Sunday, May 8, 2016

Blood Salt Water (Alex Morrow, #5)Blood Salt Water by Denise Mina
My rating: 4 of 5 stars

"Lucy and Morrow smiled at each other, not warmly, just an acknowledgement that they were both there and both human."

I love Blood, Salt, Water (2015). Denise Mina's outstanding prose still holds its own against even the most accomplished "real" literature. The unremarkable The Red Road was just a temporary failure and Ms. Mina is back to the brilliance of The End of the Wasp Season and Gods and Beasts.

Although the novel begins with the brutal murder of a woman on the Loch Lomond dunes, this murder is not the main focus of the plot. DI Alex Morrow is working on the disappearance of a Spanish woman, Roxana Fuentecilla, who had set up a business in Scotland, and is under investigation by the Met and the Serious Fraud Office. The police are hoping to retrieve a significant amount of money and thus relieve some of their budget pressures.
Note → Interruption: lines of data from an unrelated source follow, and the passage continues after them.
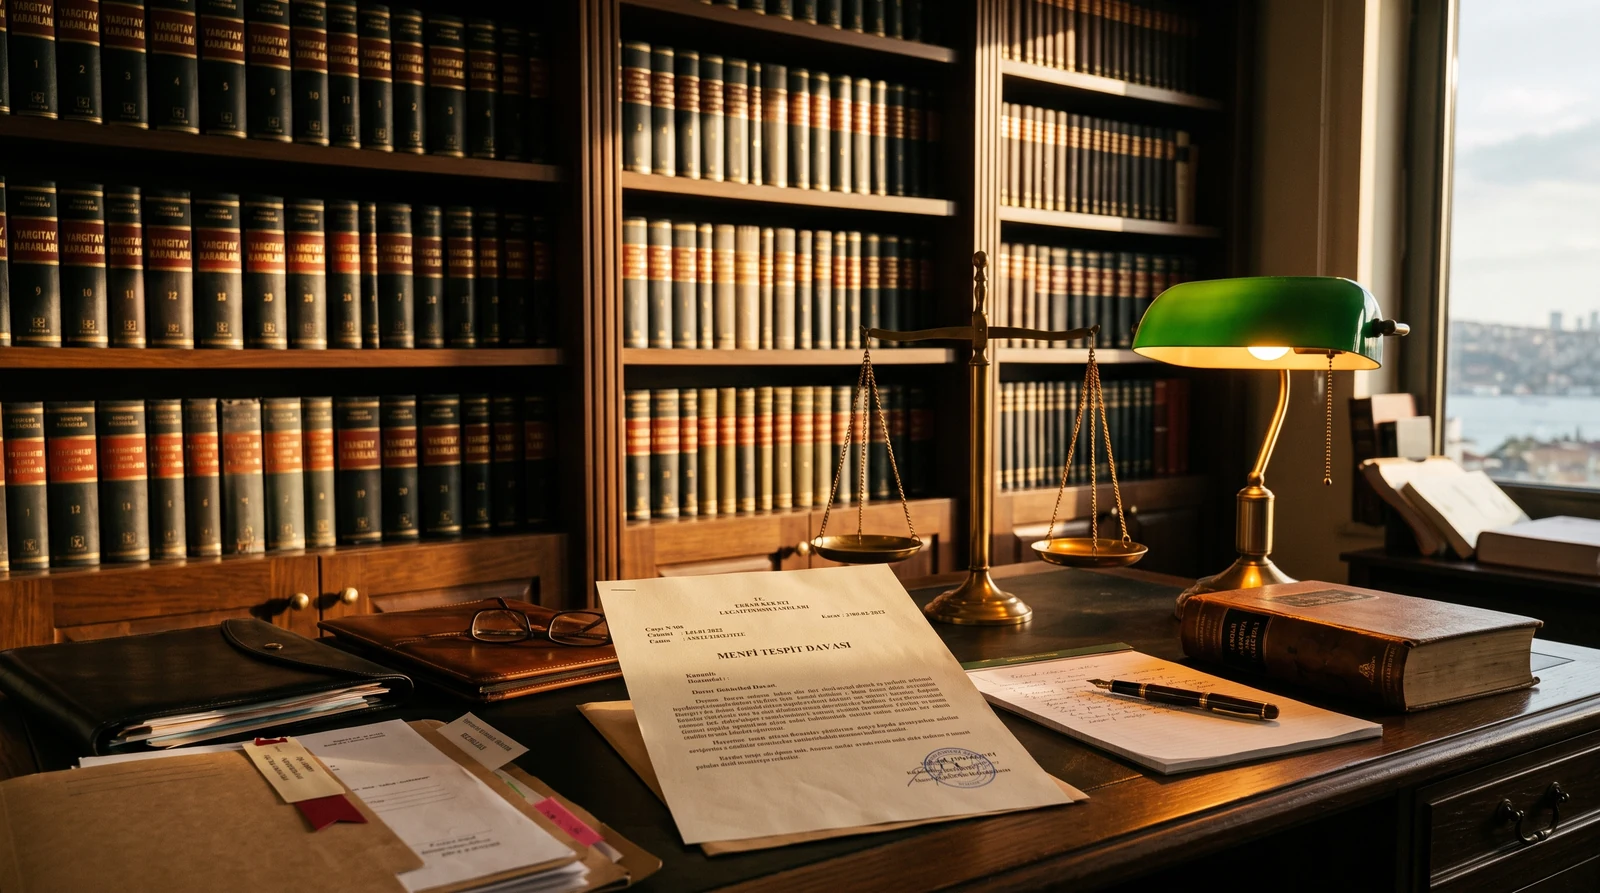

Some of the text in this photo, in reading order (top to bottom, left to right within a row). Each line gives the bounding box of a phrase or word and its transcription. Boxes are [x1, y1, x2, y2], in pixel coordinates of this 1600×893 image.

[13, 1, 52, 14] YARGITAY
[12, 13, 53, 27] KARARLARI
[60, 8, 98, 21] YARGITAY
[59, 20, 98, 33] KARARLARI
[105, 15, 144, 28] YARGITAY
[155, 21, 194, 34] YARGITAY
[104, 27, 145, 40] KARARLARI
[153, 32, 195, 46] KARARLARI
[205, 27, 242, 41] YARGITAY
[203, 39, 244, 53] KARARLARI
[252, 34, 288, 48] YARGITAY
[33, 59, 39, 69] 1
[79, 64, 86, 74] 2
[124, 71, 132, 81] 3
[173, 76, 181, 86] 4
[222, 81, 229, 91] 5
[308, 90, 320, 101] 10
[16, 229, 56, 241] YARGITAY
[66, 233, 104, 244] YARGITAY
[14, 241, 58, 253] KARARLARI
[151, 238, 189, 248] YARGITAY
[201, 240, 238, 251] YARGITAY
[64, 244, 105, 256] KARARLARI
[150, 250, 191, 260] KARARLARI
[35, 286, 41, 297] 9
[82, 288, 92, 298] 10
[125, 289, 134, 299] 11
[168, 291, 178, 300] 12
[70, 504, 81, 515] 12
[717, 641, 852, 660] MENFİ TESPİT DAVASI
To me, the most interesting thread in the plot - one of the most compelling I have encountered in quite a long time - concerns the mysterious behavior of a woman who comes back to Scotland after a long stay in the U.S. Susan Grierson, in her late middle age, is the focal point of several crucial developments in the novel. The virtuoso scene where under the influence of cocaine she provides sexual favors - with a delicious twist! - to another main character is unforgettable. All threads seamlessly merge at the end and the neat solutions to the mysteries are convincing and plausible.

Blood, Salt, Water is not a book that one reads to relax and leisurely pass the time; one can't just let the eyes glide over the pages. Reading this book requires work, but the effort pays off fabulously. The psychological portraits of the characters are absolutely convincing and the reader can learn a lot about the motives of human behavior. The depiction of Helensburgh (an actual seaside town northwest of Glasgow) and the characterizations of the local residents are so vivid that I feel I have known the town and its people for a long time. Ms. Mina has a perfect ear for dialogue and she captures exactly how people talk. Particularly stunning are the two conversation that DI Morrow has with Ms. Fuentecilla's children and - later in the novel - with Hester Kirk's daughters.
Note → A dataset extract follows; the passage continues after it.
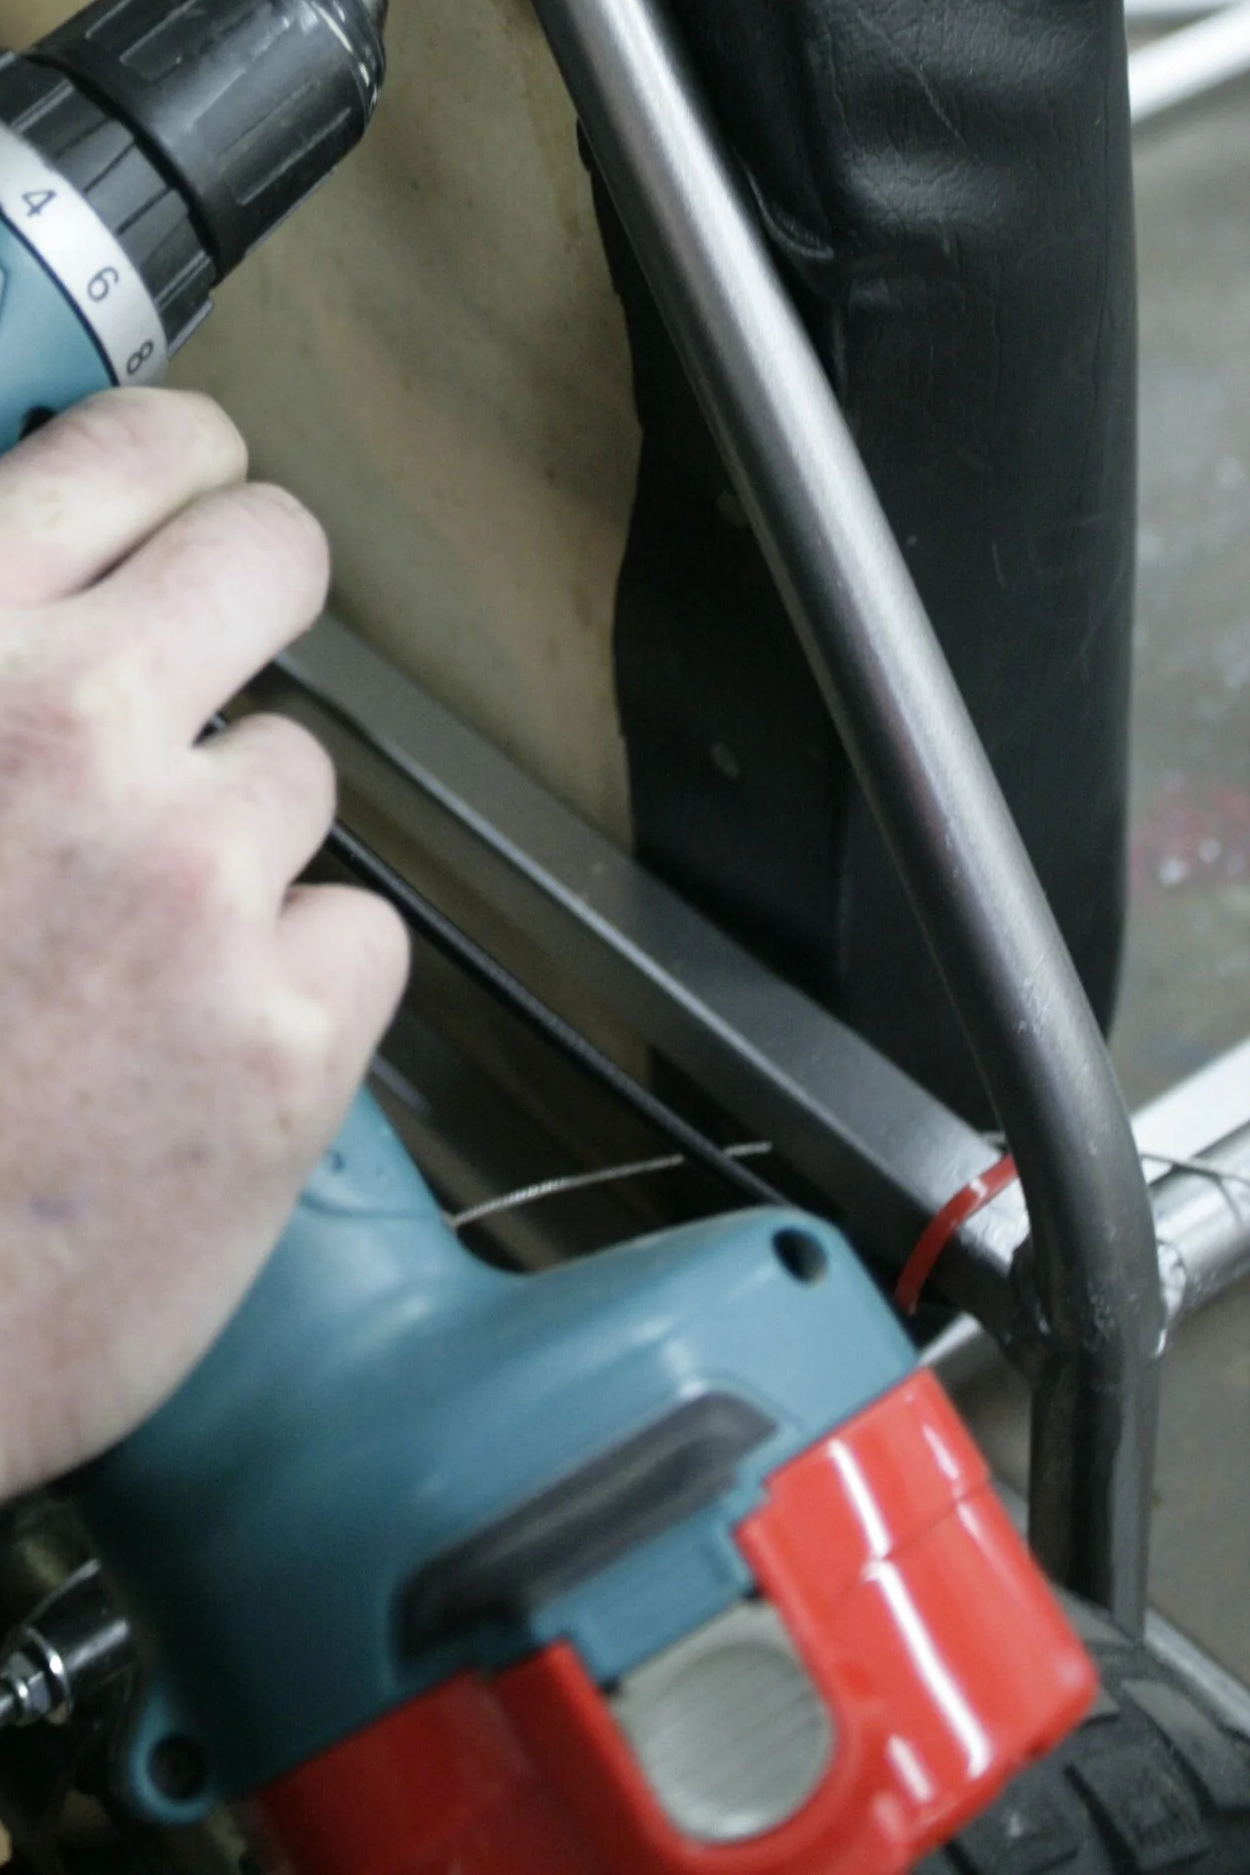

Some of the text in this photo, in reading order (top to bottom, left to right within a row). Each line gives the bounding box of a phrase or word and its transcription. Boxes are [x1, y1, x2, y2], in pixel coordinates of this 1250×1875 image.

But by far the best thing about Denise Mina's prose is that she understands that weakness is the defining feature of us humans, that all of us are weak in one way or another, that utter stupidity, vanity, envy, and all ways of greed are the most natural human traits. Ms. Mina does not condone weakness but neither does she condemn it. She understands. She knows. The stunning sentence that I used for the epigraph sounds awkward as a quote, but it is one of the best sentences I have read in a long time: "an acknowledgement that they were both there and both human."

This extremely well written novel transcends the mystery genre, yet it also works great as a mystery. I have been toying with the idea of rounding my rating up to the five-star level reserved for literary masterpieces, but the novel is probably not as uniformly magnificent as Ms. Mina's Garnethill.

Four and a half stars.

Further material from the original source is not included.